Par ailleurs, et quand bien même l’erreur serait excusable et entraînerait la nullité du contrat, les demandeurs fondent leurs demandes indemnitaires sur la responsabilité contractuelle de l’acheteur, ce qui n’est juridiquement pas possible dans l’hypothèse d’une annulation de contrat. Ils semblent aussi fonder leurs demandes sur la responsabilité délictuelle de l’acheteur sans pour autant caractériser la faute civile qui permettrait de faire application de l’article 1240 du Code civil. Ce faisant, leurs demandes indemnitaires auraient aussi été rejetées.

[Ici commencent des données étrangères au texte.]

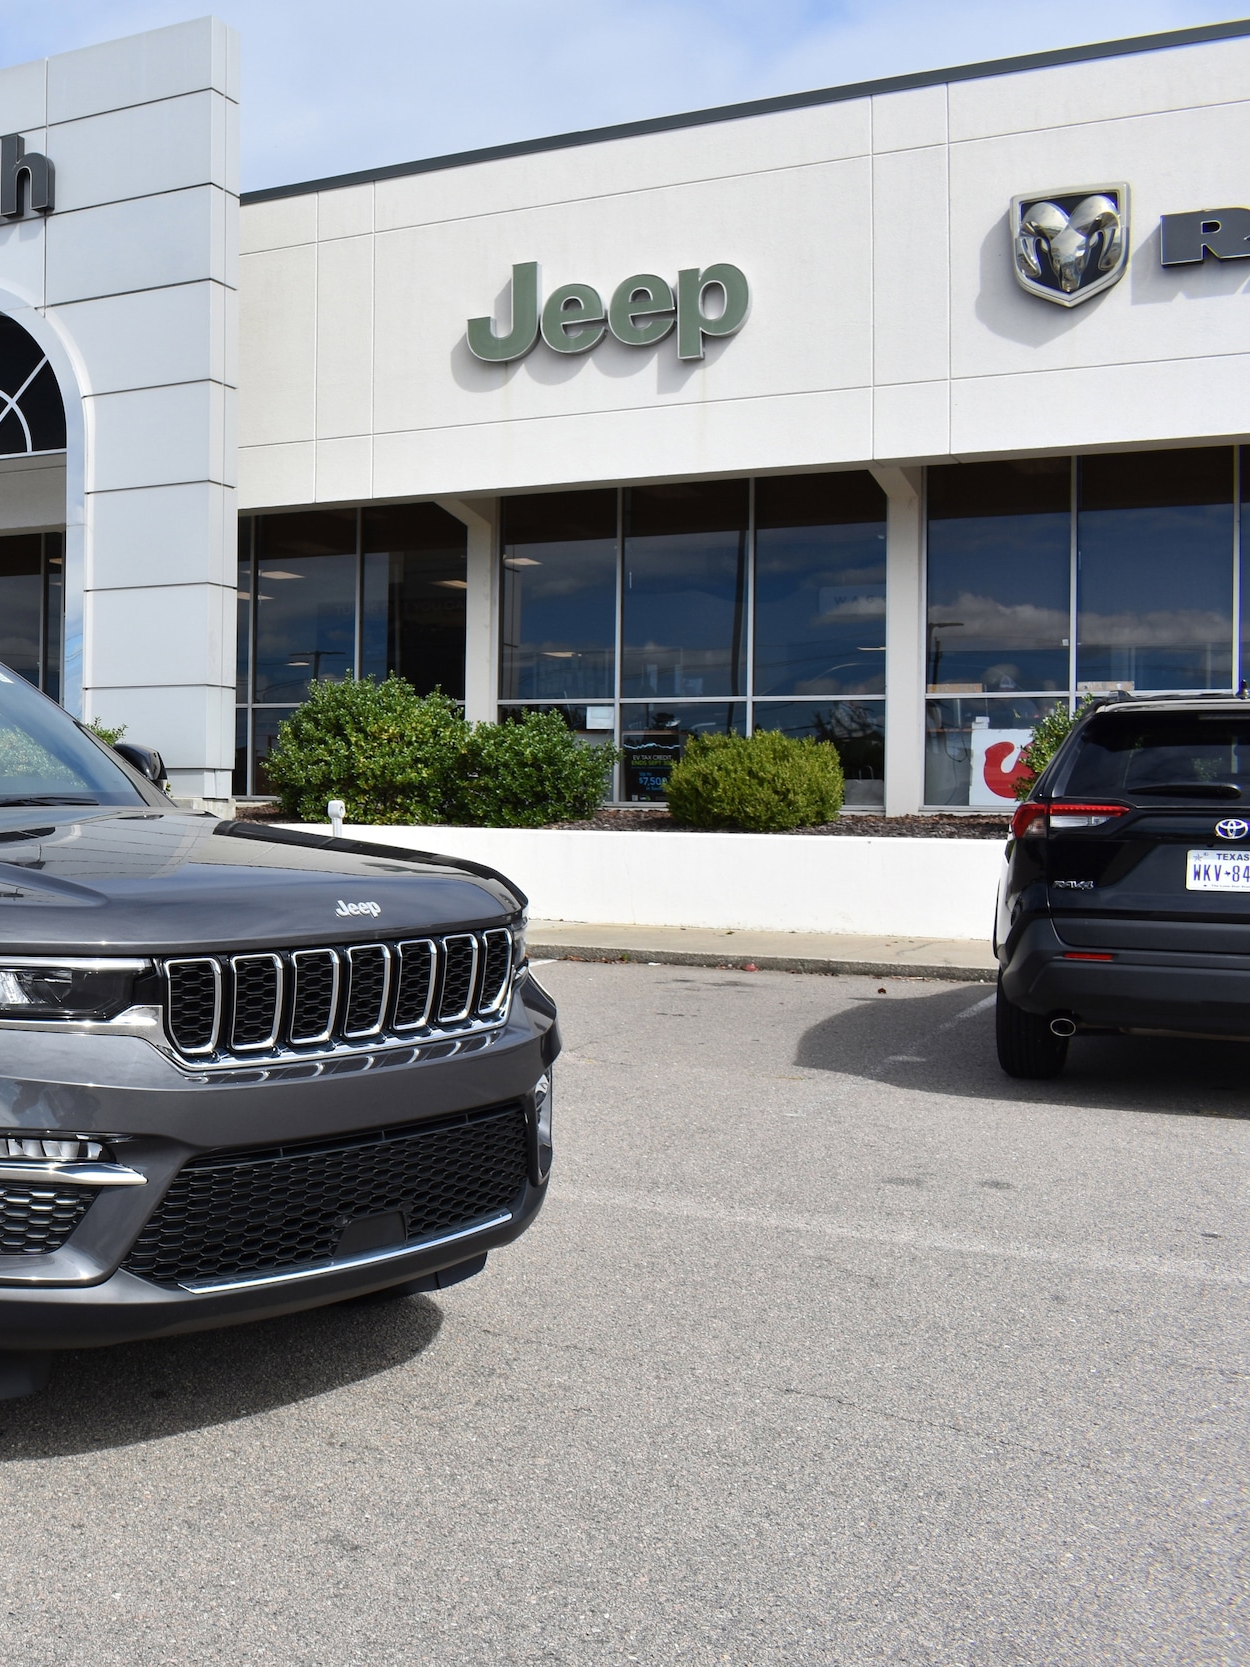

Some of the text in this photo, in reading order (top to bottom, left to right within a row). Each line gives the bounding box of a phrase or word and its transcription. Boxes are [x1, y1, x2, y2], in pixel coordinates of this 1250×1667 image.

[1160, 207, 1250, 266] R
[467, 261, 752, 361] Jeep
[834, 594, 886, 605] WAG
[1216, 853, 1250, 861] TEXAS
[335, 900, 381, 918] Jeep
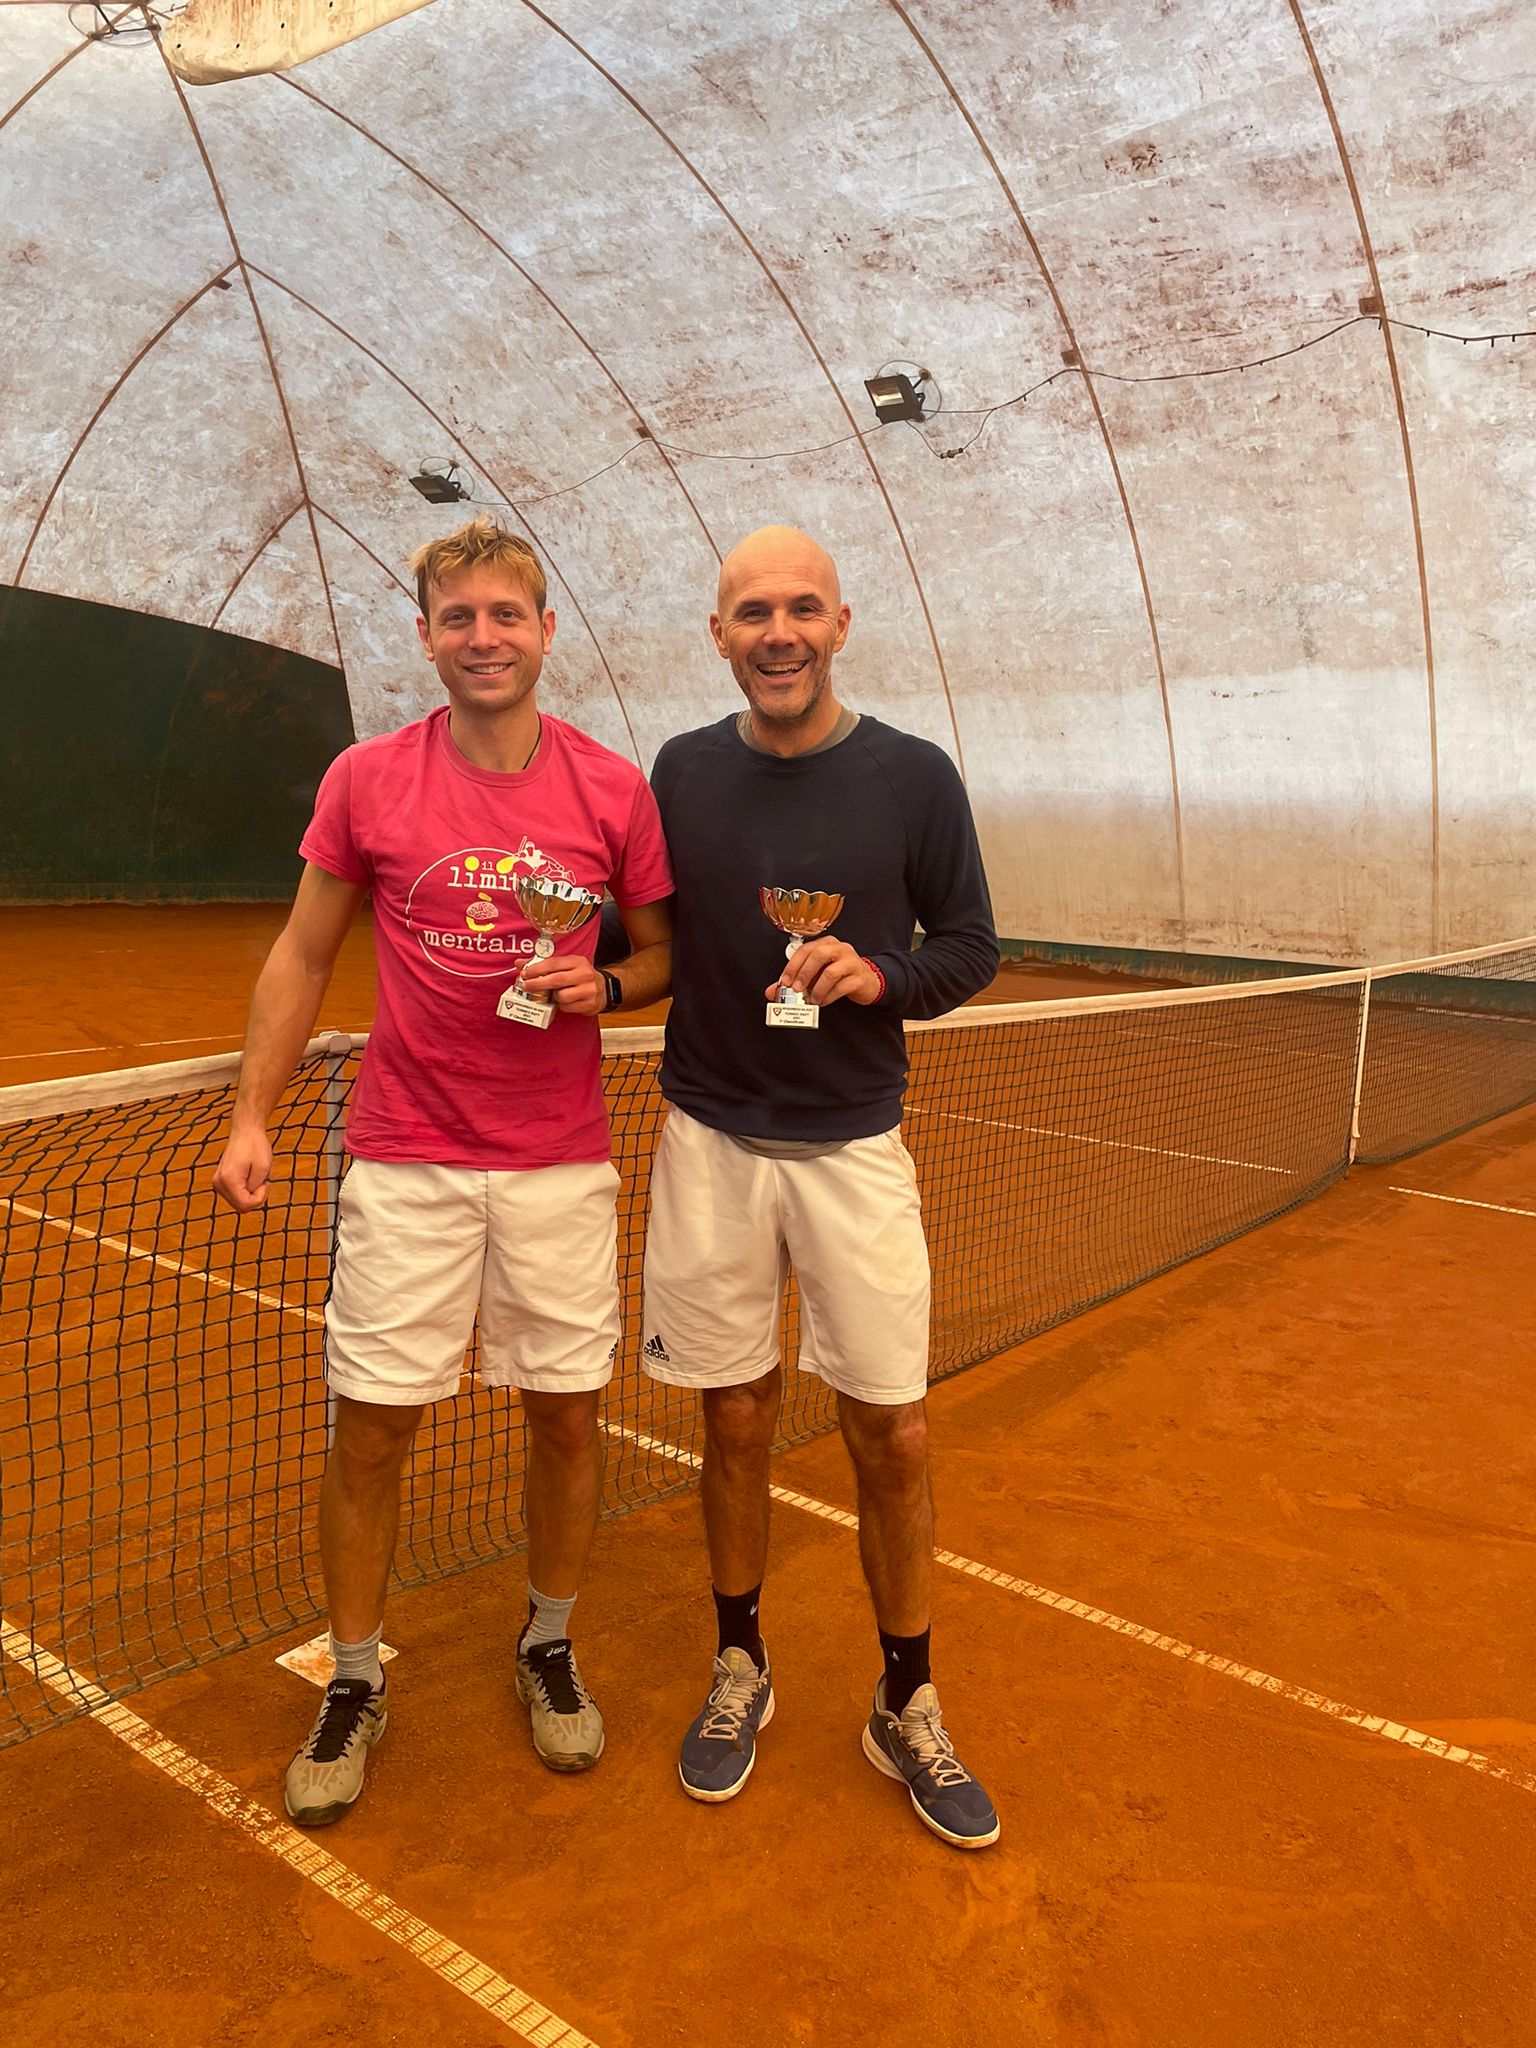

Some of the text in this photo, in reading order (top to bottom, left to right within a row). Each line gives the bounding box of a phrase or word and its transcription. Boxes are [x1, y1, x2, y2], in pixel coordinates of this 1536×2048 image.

[482, 861, 493, 871] il
[447, 866, 518, 892] limit
[423, 930, 534, 954] mentale
[643, 1346, 671, 1362] adidas

A titre surabondant, la nullité du contrat pour erreur, loin de donner naissance à une action civile délictuelle et à une indemnisation pour perte de chance de récupérer le masque ne ferait que déclencher le mécanisme des restitutions, notamment prévu par l’article 1352-2 du code civil.
6 - Sur les autres demandes
Aux termes de l’article 700 du code de procédure civile, le juge condamne la partie tenue aux dépens ou qui perd son procès à payer à l’autre partie la somme qu’il détermine, au titre des frais exposés et non compris dans les dépens. Dans tous les cas, le juge tient compte de l’équité ou de la situation économique de la partie condamnée. Il peut, même d’office, pour des raisons tirées des mêmes considérations, dire qu’il n’y a pas lieu à ces condamnations.
En l’espèce, l’équité commande de ne pas condamner la partie perdante au paiement d’une somme au titre des dispositions de l’article 700 du code de procédure civile.
Aux termes de l’article 696 du code de procédure civile, la partie perdante est condamnée aux dépens, à moins que le juge, par décision motivée, n’en mette la totalité ou une fraction à la charge d’une autre partie.
Mme C. et M. A.F.. qui succombent à l’instance, seront condamnés aux entiers dépens.
Selon l'article 514 du Code de procédure civile, les décisions de première instance sont de droit exécutoires à titre provisoire à moins que la loi ou la décision rendue n'en dispose autrement.
Compte tenu des conséquences financières de la présente décision, l’exécution provisoire de cette dernière sera écartée.
PAR CES MOTIFS
Le tribunal, par décision contradictoire et en premier ressort, rendue par mise à disposition au greffe,
DECLARE irrecevable la demande d’intervention volontaire de la République gabonaise ;
REJETTE la demande d’injonction de communiquer la page du livret de police concernant l'achat par lui des biens meubles cédés par Madame C. R. épouse F. et M. A.F.., le 28 septembre 2021, cette dernière ayant été versée aux débats par M. A. V. ;
DEBOUTE Madame C. R. épouse F. et M. A.F.. de l’intégralité de leurs demandes indemnitaires fondées sur leur action en nullité ;
ORDONNE la mainlevée totale de la saisie conservatoire opérée sur tous les comptes bancaires de M. A. V. selon arrêt de la cour d’appel de NIMES en date du 28 juin 2023 ;
CONDAMNE Madame C. R. épouse F. et M. A.F.. aux dépens ;
DEBOUTE l'ensemble des parties de leurs demandes sur le fondement de l'article 700 du code de procédure civile ;
ECARTE l’exécution provisoire de la présente décision.
Ainsi jugé et prononcé à Alès les jour, mois et an indiqués ci-dessus.